RECORDS SHOWN:
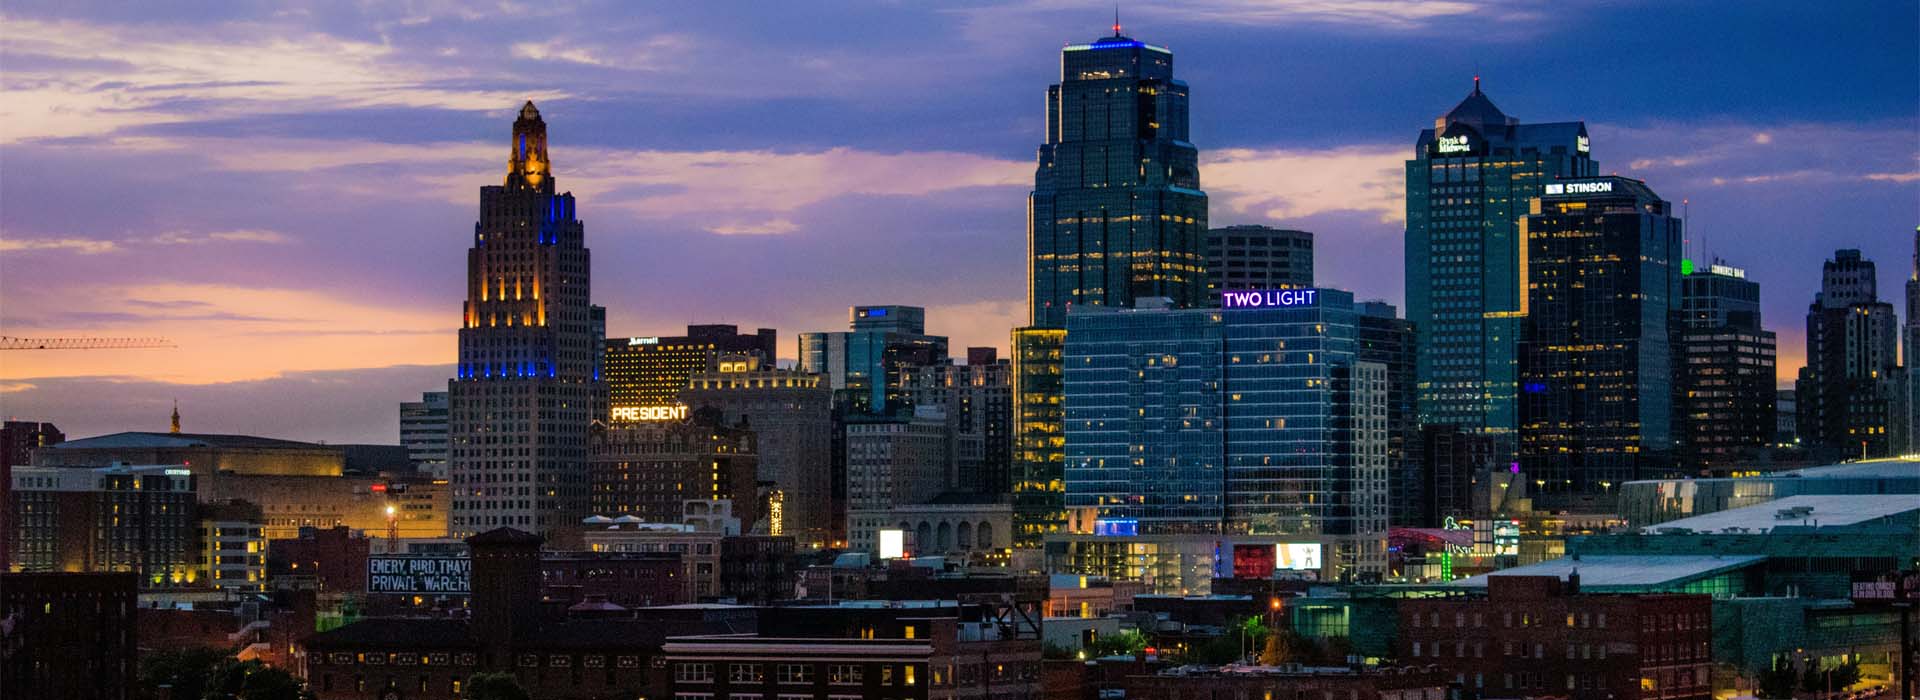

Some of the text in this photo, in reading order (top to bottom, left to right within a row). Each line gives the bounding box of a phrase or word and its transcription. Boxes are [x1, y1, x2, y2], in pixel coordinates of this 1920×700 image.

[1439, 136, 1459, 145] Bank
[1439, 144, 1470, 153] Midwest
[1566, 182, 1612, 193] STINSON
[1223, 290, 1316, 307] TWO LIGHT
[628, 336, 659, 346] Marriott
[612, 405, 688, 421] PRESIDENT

ASSIGNMENT: Set down all of the entries precisely and keep the pictures out of the copy.

OUTPUT FOR THIS EXERCISE:
Some of the text in this photo, in reading order (top to bottom, left to right within a row). Each line gives the bounding box of a phrase or word and its transcription. Boxes are [x1, y1, x2, y2], in pixel coordinates of this 1920×700 image.

[1439, 136, 1459, 145] Bank
[1439, 144, 1470, 153] Midwest
[1566, 182, 1612, 193] STINSON
[1223, 290, 1316, 307] TWO LIGHT
[628, 336, 659, 346] Marriott
[612, 405, 688, 421] PRESIDENT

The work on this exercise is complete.